Cientistas descobrem um novo tipo de bioquímico que pode estar em toda a vida na Terra

Membranas celulares caóticas (com glicolipídeos em amarelo). (Juan Gaertner / Science Photo Library / Getty Images)

A maravilhosa bagunça de moléculas que constituem os seres vivos é tão complexa que os biólogos negligenciaram uma classe inteira delas – até agora. Essa parte perdida da bioquímica não é rara nem difícil de encontrar; é só que ninguém pensou em procurá-lo antes.

“Esta é uma descoberta impressionante de uma classe inteiramente nova de biomoléculas”, disse a bioquímica de Stanford Carolyn Bertozzi.

“É realmente uma bomba, porque a descoberta sugere que existem vias biomoleculares na célula que são completamente desconhecidas para nós.”

Os biólogos têm uma compreensão bastante boa de nossos principais blocos de construção moleculares. Você tem carboidratos (como amido), lipídios (gorduras), ácidos nucléicos (DNA) e proteínas (músculos).

Estes são divididos em subtipos; por exemplo, celulose e açúcares são carboidratos. Depois, há combinações entre esses grupos, como quando açúcares diferentes se combinam com lipídios em uma hemácia, formando os tipos sanguíneos ABO.

Os glicanos são cadeias de moléculas de açúcar que podem se prender às gorduras e proteínas em um processo chamado glicosilação, ajudando seu transporte através de uma célula ou dobrando-se nas formas corretas para seu propósito. Eles estão envolvidos em muitos processos fundamentais da biologia, desde o desenvolvimento de embriões até o reconhecimento de patógenos.

Os pesquisadores, liderados pelo bioquímico Ryan Flynn, agora no Hospital Infantil de Boston, descobriram que os glicanos também podem se ligar a RNAs não codificantes.

Isso foi uma surpresa porque se pensava que o RNA funcionava apenas dentro das células – dentro de seu núcleo e fluido – enquanto os glicanos são geralmente separados deles por membranas nas pequenas organelas de uma célula ou na superfície da célula.

“O RNA e os glicanos vivem em dois mundos separados, se você acreditar nos livros didáticos”, disse Bertozzi.

Três produtos da glicólise, incluindo o recém-descoberto glycoRNA. (Ryan Flynn)

Eles resolveram isso marcando as moléculas de glicol com ácido siálico em células de laboratório e extraindo o RNA. Com certeza, parte do RNA purificado tinha um revestimento de açúcar marcado com ácido siálico.

A equipe então encontrou o glycoRNA dentro de cada célula que eles verificaram – em humanos, camundongos, hamsters e peixes-zebra – espécies separadas por centenas de milhões de anos de evolução. Isso sugere que essas moléculas podem ter algum tipo de função biológica importante que foi preservada ao longo da vida na Terra.

Comparando os bits de RNA de glicoRNA com bancos de dados de RNA, Flynn e colegas também descobriram que algumas dessas moléculas combinam com RNAs ligados a doenças.

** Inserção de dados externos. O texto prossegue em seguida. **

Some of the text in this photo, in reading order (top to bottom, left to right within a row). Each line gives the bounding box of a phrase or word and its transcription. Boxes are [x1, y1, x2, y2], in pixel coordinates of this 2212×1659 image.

“Alguns dos RNAs modificados por glicanos para formar glicoRNA têm uma história sórdida de associação com doenças autoimunes”, explicou Bertozzi.

Anteriormente, pensava-se que esses pedaços de RNA eram em sua maioria inacessíveis ao nosso sistema imunológico porque estavam guardados com segurança dentro de nossas células e apenas liberados através da morte celular.

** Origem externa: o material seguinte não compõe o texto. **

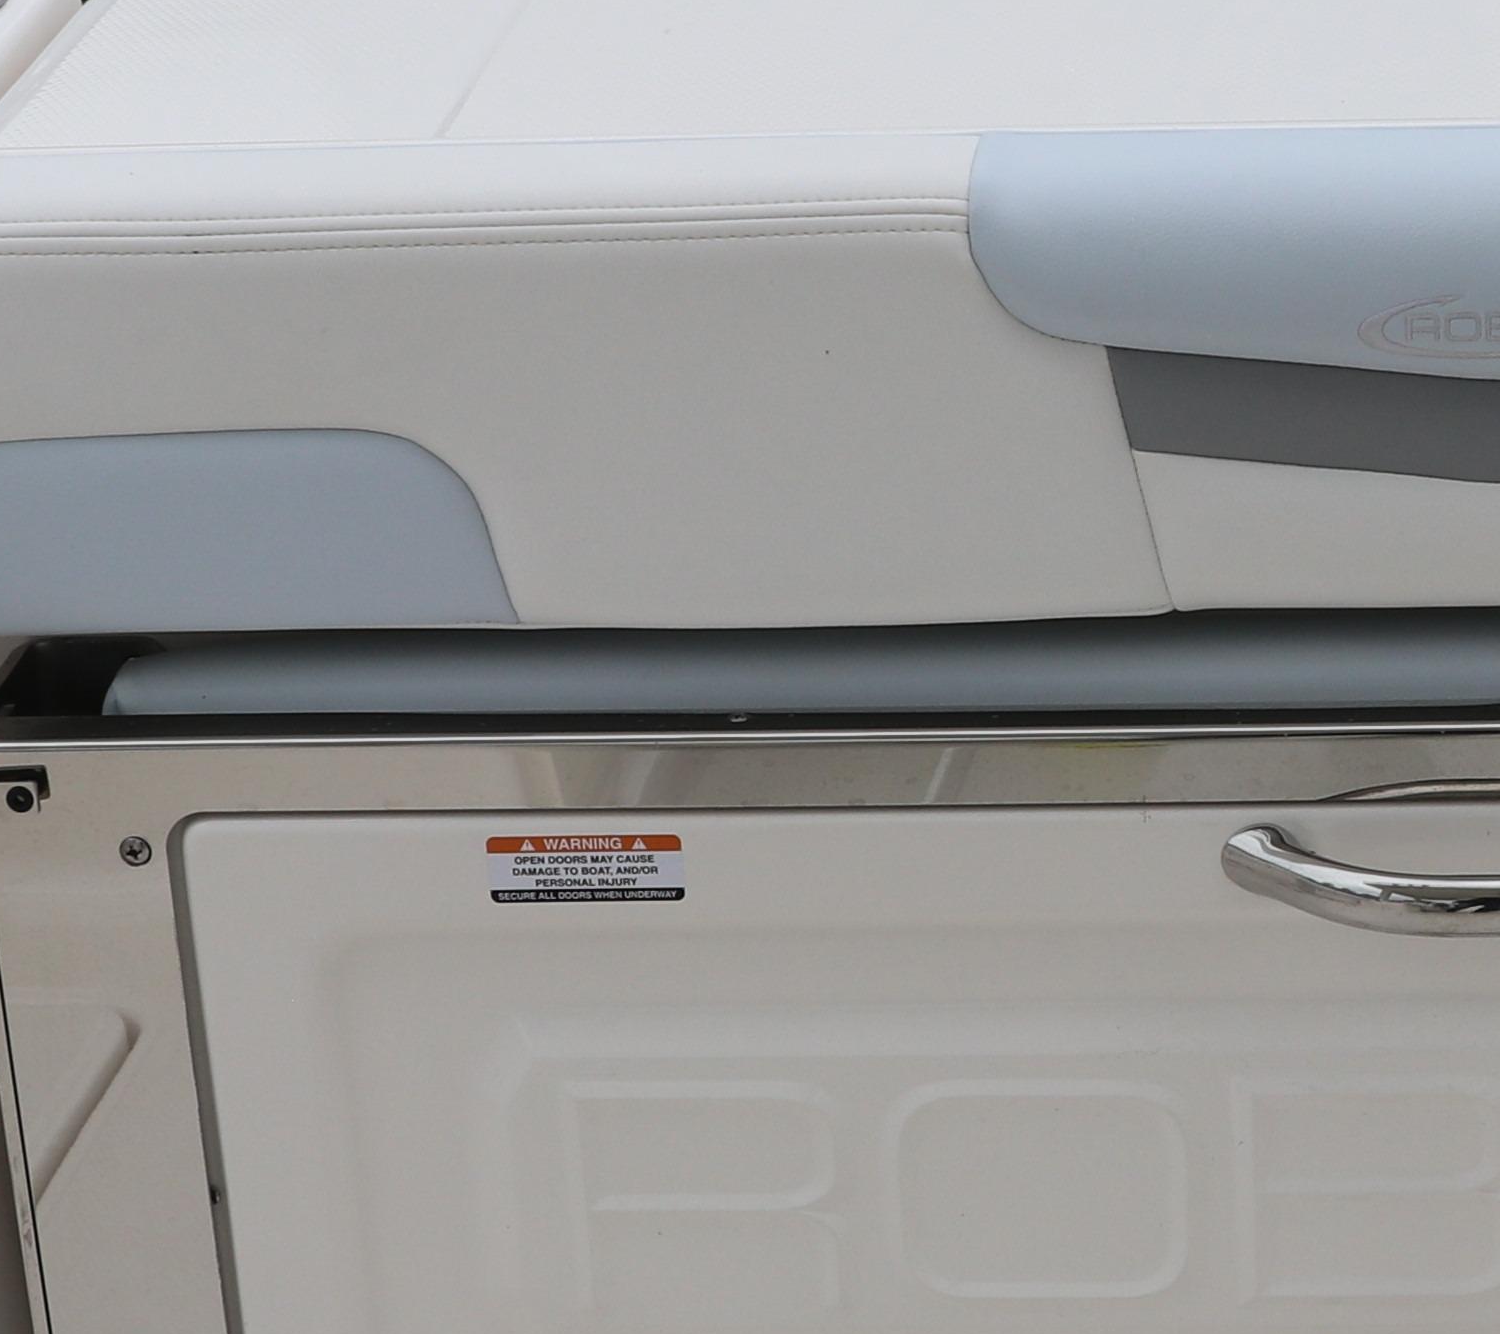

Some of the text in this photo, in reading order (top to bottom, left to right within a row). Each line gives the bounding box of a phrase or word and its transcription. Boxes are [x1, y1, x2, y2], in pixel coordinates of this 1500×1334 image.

[543, 837, 623, 851] WARNING
[514, 854, 655, 865] OPEN DOORS MAY CAUSE
[512, 865, 659, 877] DAMAGE TO BOAT, AND/OR
[535, 877, 638, 888] PERSONAL INJURY
[497, 890, 677, 901] SECURE ALL DOORS WHEN UNDERWAY

“Descobrimos que os glicoRNAs estão na superfície da célula, assim como as proteínas e os lipídios”, disse Flynn a Nancy Fliesler, do Boston Children’s Hospital.

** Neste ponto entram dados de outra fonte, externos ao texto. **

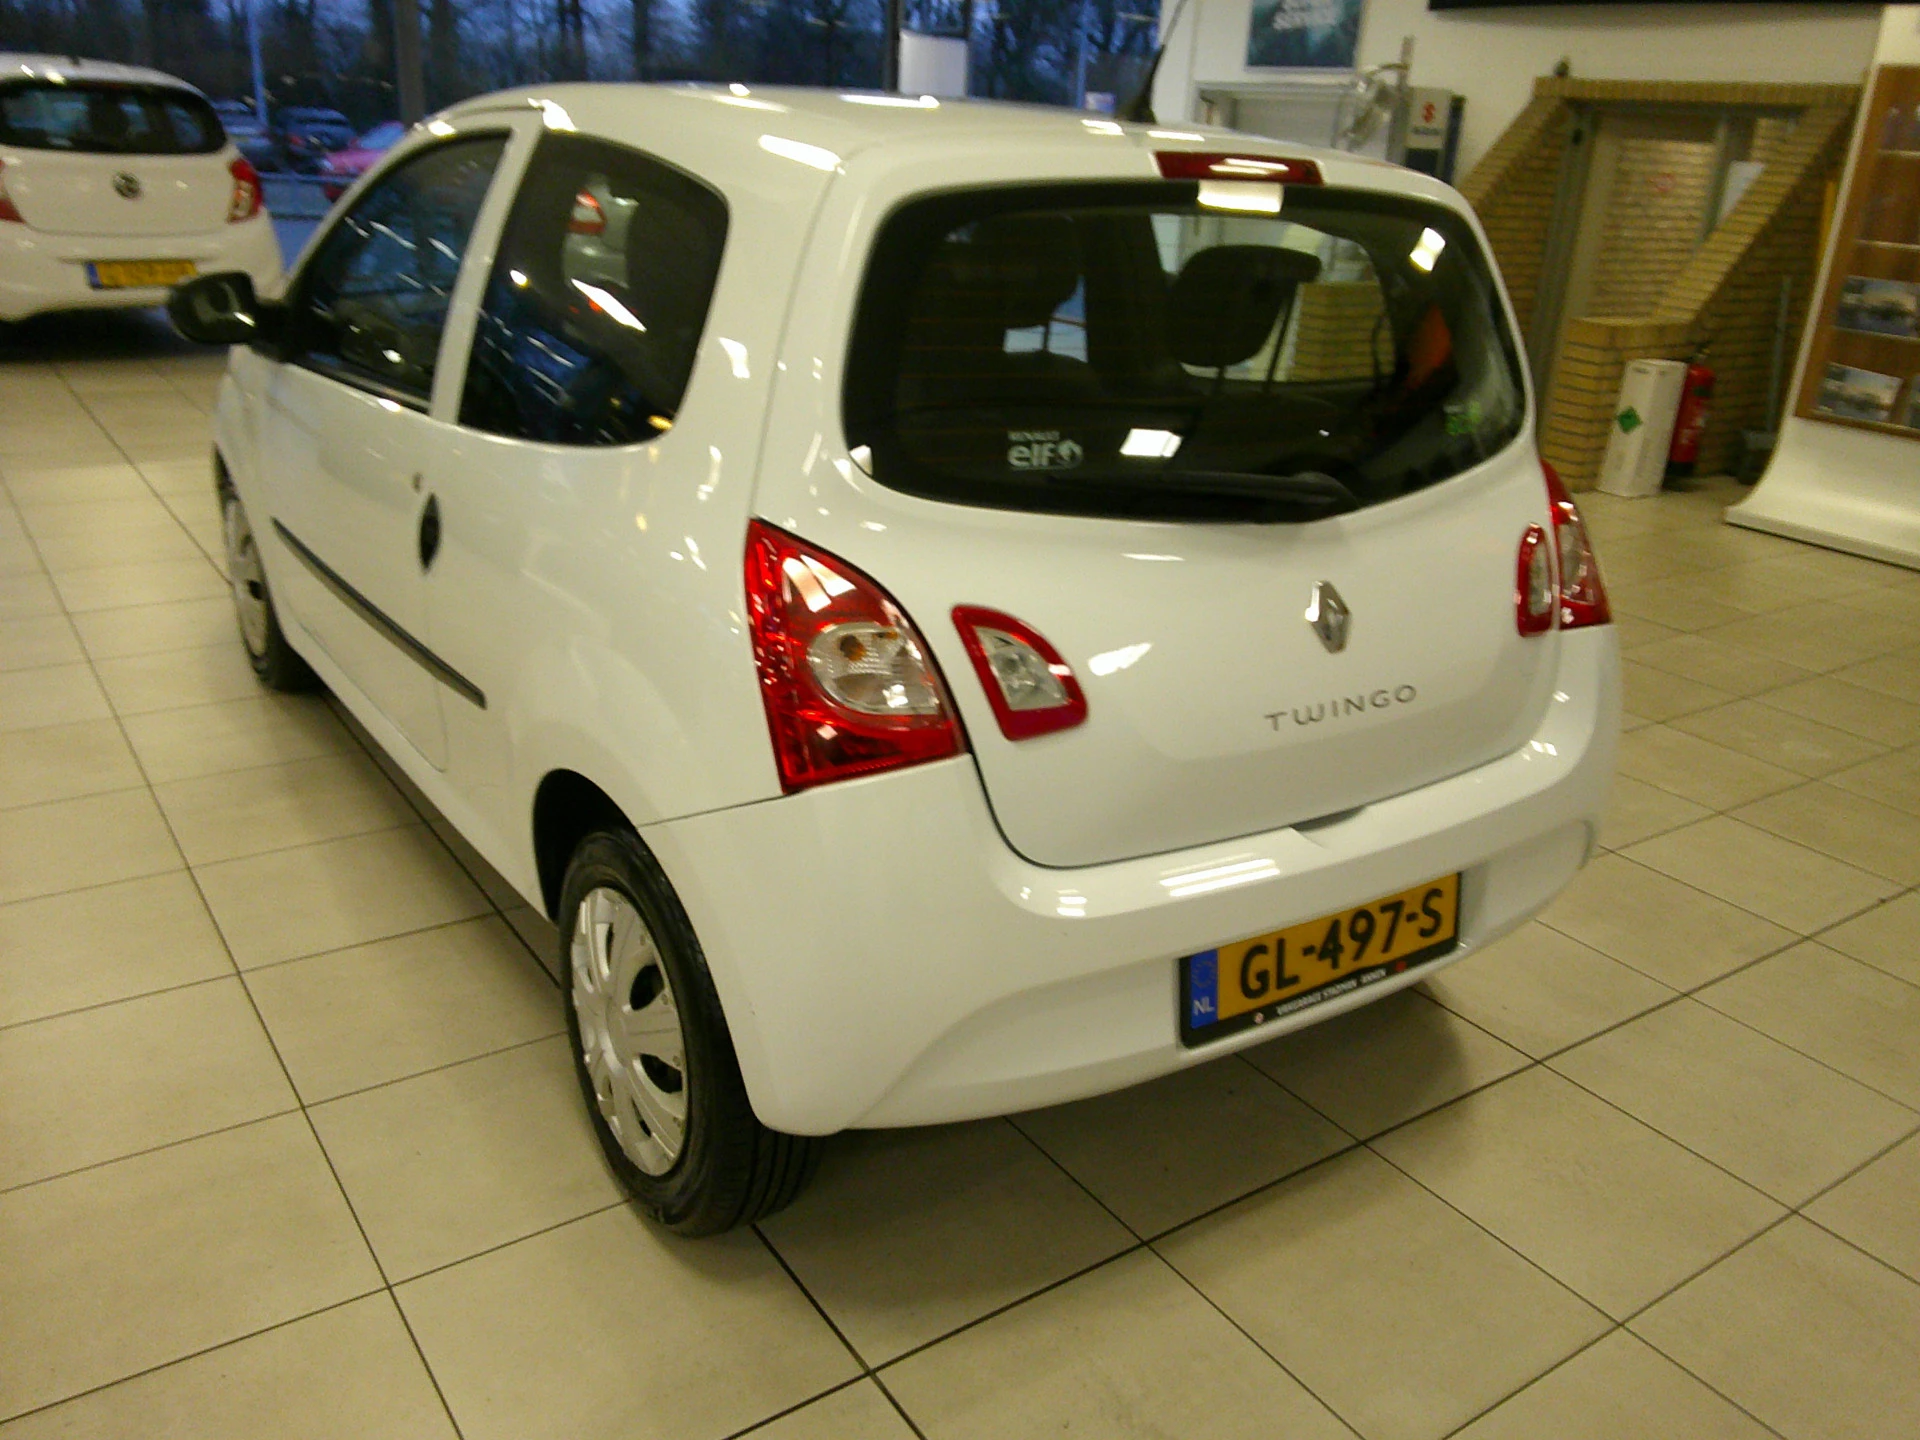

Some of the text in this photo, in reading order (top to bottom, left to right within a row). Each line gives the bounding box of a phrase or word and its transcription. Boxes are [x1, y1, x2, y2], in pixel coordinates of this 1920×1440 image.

[1264, 684, 1417, 731] TWINGO
[1240, 888, 1443, 1000] GL-497-S
[1193, 997, 1215, 1016] NL

“Isso é empolgante porque significa que os glicoRNAs podem participar diretamente na comunicação célula-a-célula. Isso era considerado proibido para os RNAs, que não se pensava que desempenhassem um papel na superfície celular.”

A capacidade dos glicanos de se ligar diretamente ao RNA parece improvável, então a equipe suspeita que haja uma terceira molécula muito pequena agindo como cola.

Eles apontam que nem todos os glicanos contêm ácido siálico – que eles usaram para detectar o glicoRNA – então eles provavelmente perderam mais espécies para descobrir dentro desta classe molecular.

“Quando você encontra algo novo como esses glycoRNAs, há muitas perguntas a serem feitas”, disse Flynn.

Embora as funções dos glicoRNAs ainda sejam um mistério, sua descoberta provavelmente levará a muito mais respostas em breve, possivelmente sobre o problemático sistema imunológico de algumas pessoas.